Siroes sat down heavily on the couch and gestured weakly for another goblet of wine. A servant, head bowed low, crept up to him, the cup trembling in his hands. The King of Kings remained on the platform, staring up at the great disk of the world, his back turned to the nobles. They stood quietly for a time, then slowly realized that the Great King was done with them. Gundarnasp moved among them, smiling like a shark in a school of minnows. Many of the nobles crept out, hoping to go unnoticed by the guardsman. In time, all of them were gone, even Gundarnasp, and Siroes was alone with his father.

—|—

The torches had burned out, and even the four great braziers that surrounded the platform and lighted the disk of the world were ebbing when Siroes woke suddenly. His father had ignored him, and the Prince had drifted into a nervous sleep filled with strange dreams. Now he came fully awake, his hands and feet touched by an unexpected chill. Cautiously he rolled over.

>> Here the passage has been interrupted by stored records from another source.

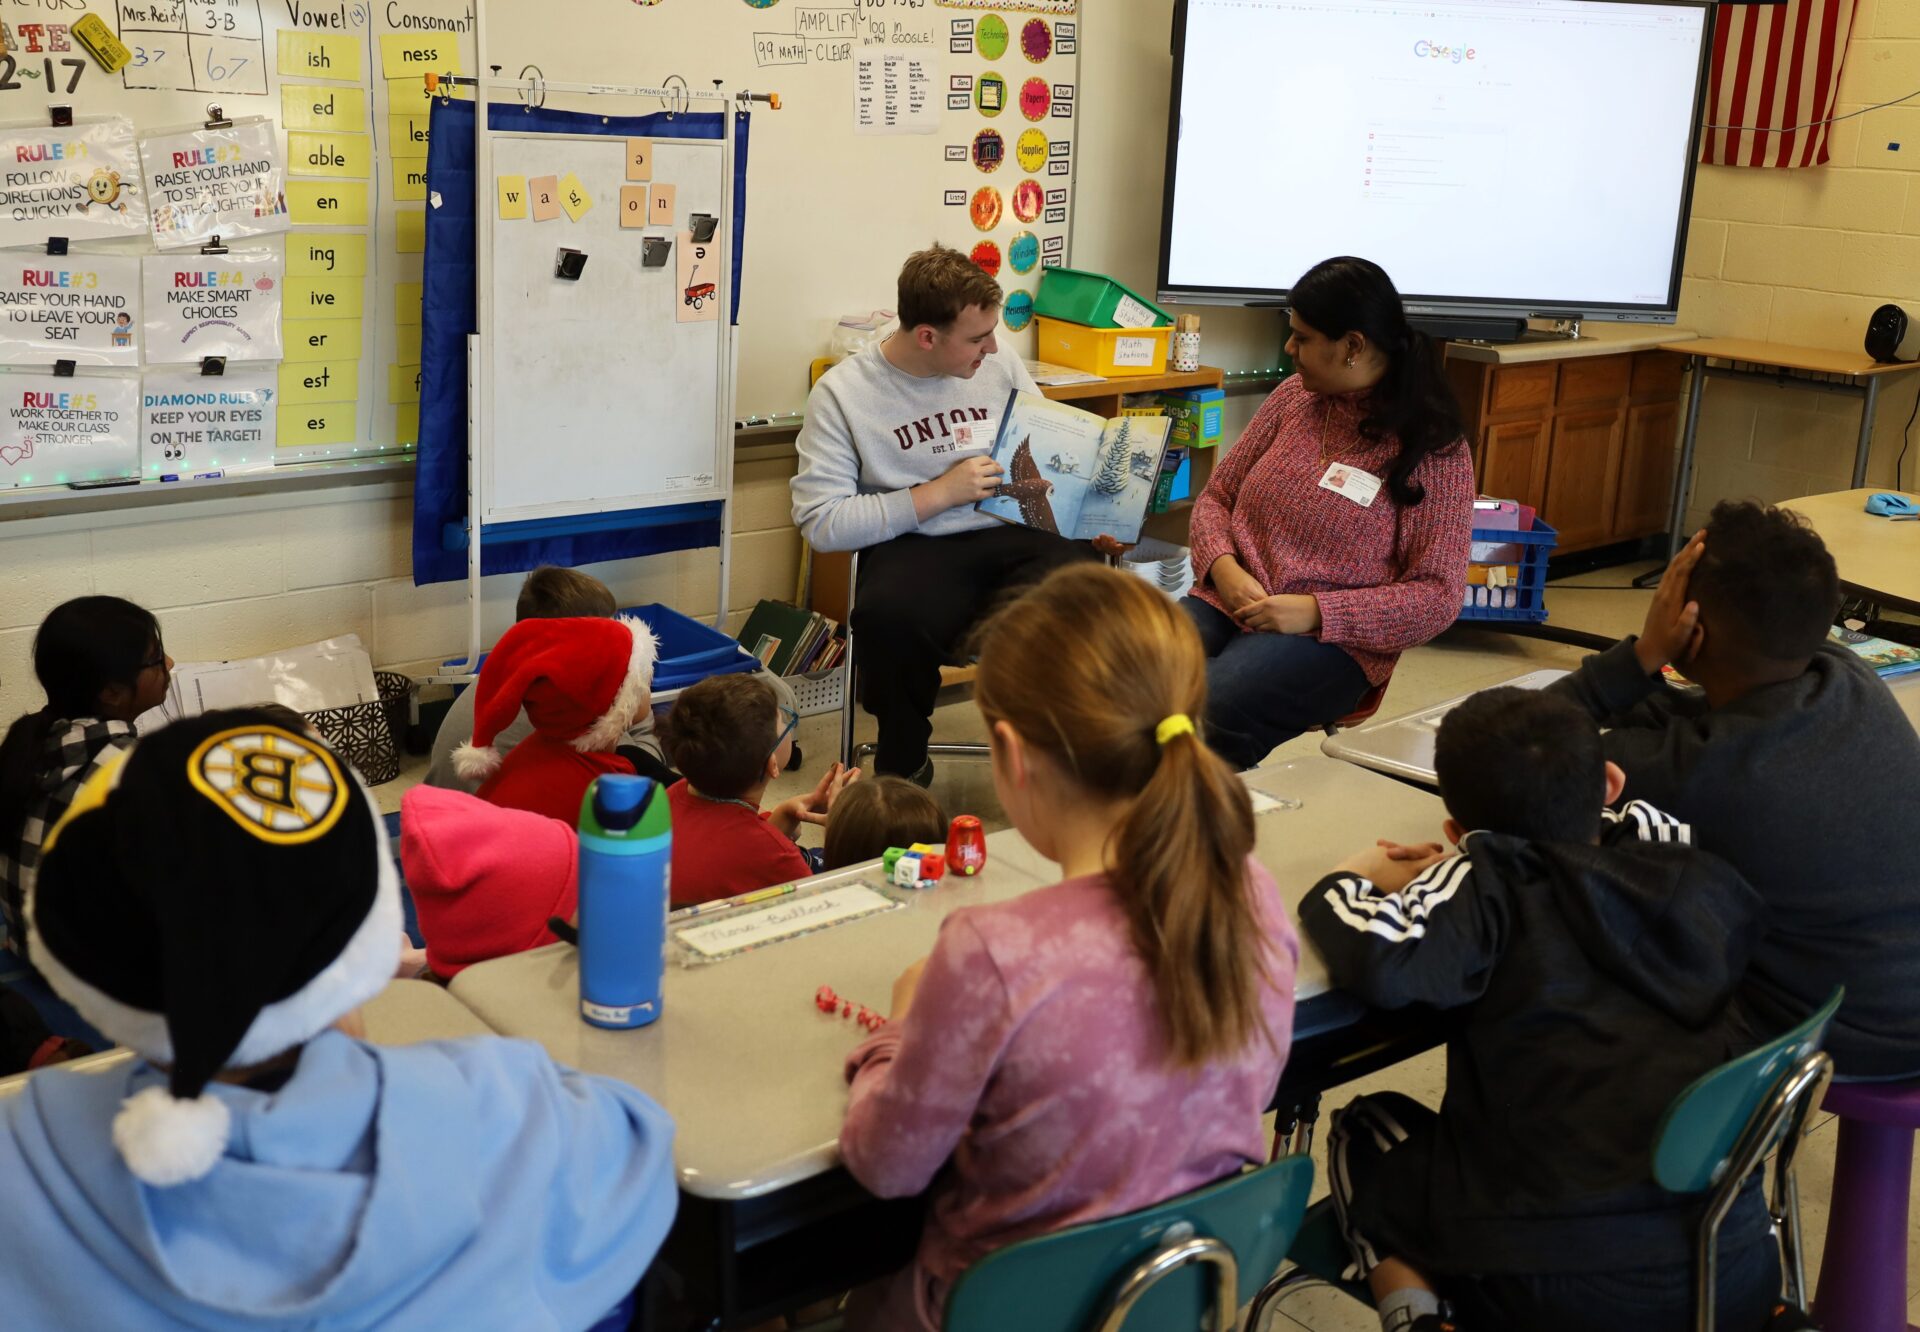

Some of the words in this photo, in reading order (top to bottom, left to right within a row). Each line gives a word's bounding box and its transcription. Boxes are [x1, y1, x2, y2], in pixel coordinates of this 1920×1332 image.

[150, 5, 184, 30] Reidy
[206, 10, 235, 31] 3-B
[286, 0, 346, 29] Vowel
[386, 1, 474, 33] Consonant
[798, 11, 856, 32] AMPLIFY
[869, 14, 886, 38] log
[893, 21, 901, 34] in
[0, 22, 71, 52] ATE
[863, 32, 885, 46] with
[132, 46, 165, 66] 37
[308, 46, 330, 68] ish
[403, 49, 438, 62] ness
[758, 40, 773, 60] 99
[779, 45, 804, 59] MATH
[815, 42, 852, 62] CLEVER
[207, 47, 248, 81] 67
[313, 94, 334, 115] ed
[1025, 92, 1045, 105] Papers
[410, 121, 430, 142] les
[308, 144, 345, 166] able
[1021, 144, 1044, 156] Supplies
[6, 169, 67, 187] FOLLOW
[154, 170, 191, 188] RAISE
[192, 165, 231, 182] YOUR
[232, 160, 271, 177] HAND
[163, 189, 183, 203] TO
[185, 182, 230, 200] SHARE
[316, 197, 338, 209] en
[12, 204, 72, 221] QUICKLY
[309, 247, 335, 271] ing
[40, 293, 81, 307] YOUR
[84, 294, 126, 309] HAND
[167, 290, 204, 304] MAKE
[207, 289, 252, 303] SMART
[311, 291, 335, 305] ive
[6, 308, 27, 322] TO
[31, 309, 74, 324] LEAVE
[76, 311, 116, 325] YOUR
[182, 305, 238, 319] CHOICES
[1118, 308, 1145, 328] Station
[44, 326, 80, 340] SEAT
[308, 334, 327, 346] er
[1120, 339, 1142, 349] Math
[303, 367, 330, 388] est
[144, 393, 217, 407] DIAMOND
[10, 408, 45, 419] WORK
[46, 408, 101, 421] TOGETHER
[103, 411, 119, 422] TO
[150, 411, 185, 424] KEEP
[187, 410, 226, 423] YOUR
[229, 409, 262, 422] EYES
[1164, 403, 1191, 419] icky
[18, 420, 49, 431] MAKE
[51, 421, 75, 432] OUR
[77, 422, 110, 434] CLASS
[307, 418, 326, 430] es
[893, 407, 988, 450] UNION
[35, 433, 93, 445] STRONGER
[150, 432, 172, 445] ON
[175, 430, 203, 443] THE
[206, 428, 261, 442] TARGET!
[932, 444, 947, 454] EST.

His father still stood on the platform, his hands clasped behind his back, but he no longer studied the disk. Instead, he looked out into the darkness of the garden. Siroes peered that way too, into the gloom. Though the moon should have risen over the ornamental pools and cast a silvery light upon the fruit trees and acres of flowers, the space beyond the arches was black as pitch. The braziers suddenly flared, casting his father's shadow huge and swollen across the face of the world, and then died. Only a single flame burned in the brazier farthest from the arches. A chittering came from outside, and the light sound of boots on marble tile. Siroes lay utterly still, for a cold draft now blew over him and rustled the curtains behind him.

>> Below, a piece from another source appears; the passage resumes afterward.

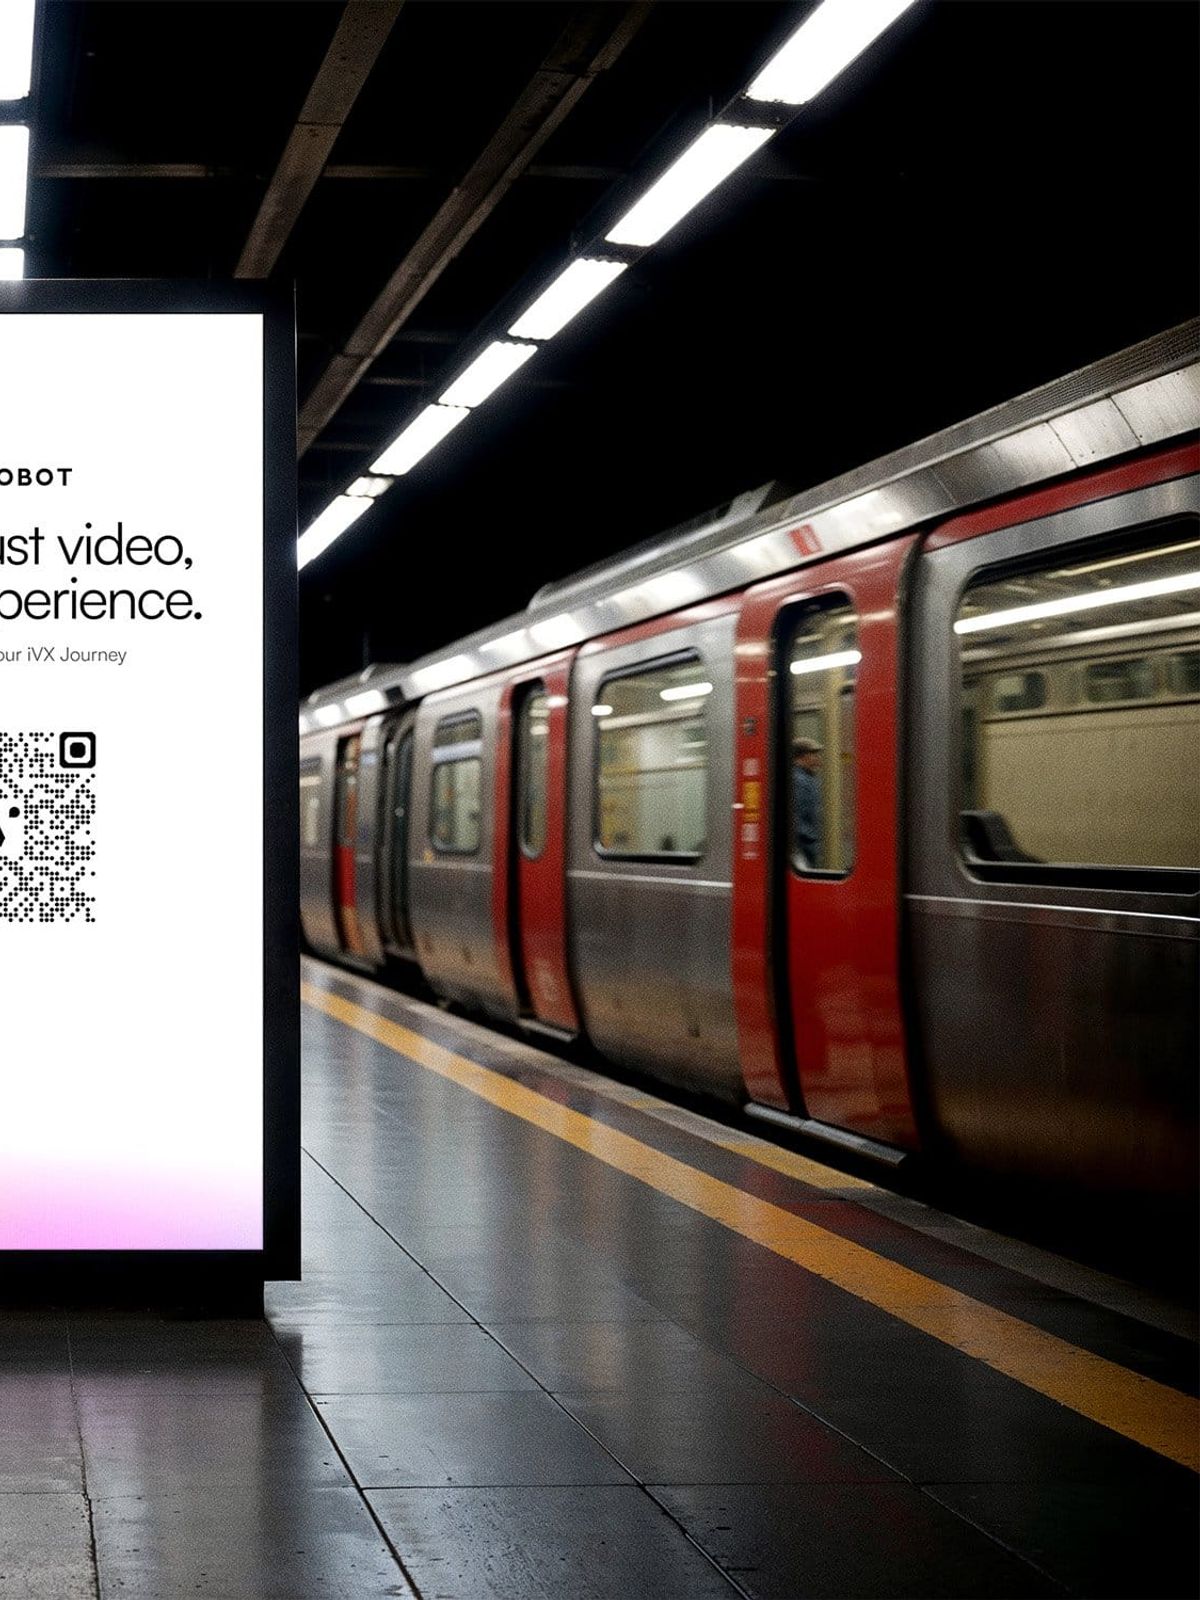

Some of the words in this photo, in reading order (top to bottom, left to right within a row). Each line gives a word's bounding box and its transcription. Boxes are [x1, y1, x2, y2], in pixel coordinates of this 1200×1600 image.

[58, 521, 194, 570] video,
[27, 646, 55, 663] iVX
[59, 646, 128, 666] Journey

"Lord Dahak." Chrosoes voice rumbled low, seeming distant and faint.

"My King..." came the answering whisper, and a figure resolved itself out of the darkness that pooled between the fluted columns in the garden. A tall thin man glided forward, his pale skin glowing in the faint light. A loose robe of dark silk fell around his thin shoulders, revealing a white hairless chest mottled with a tracery of shining skin, puckered and twisted over terrible wounds. His face was sharp, though it too was horribly marked by a spiderweb of scar tissue and glassy flesh. Chrosoes hissed in alarm at the sight, a strange whistling sound from beneath his mask.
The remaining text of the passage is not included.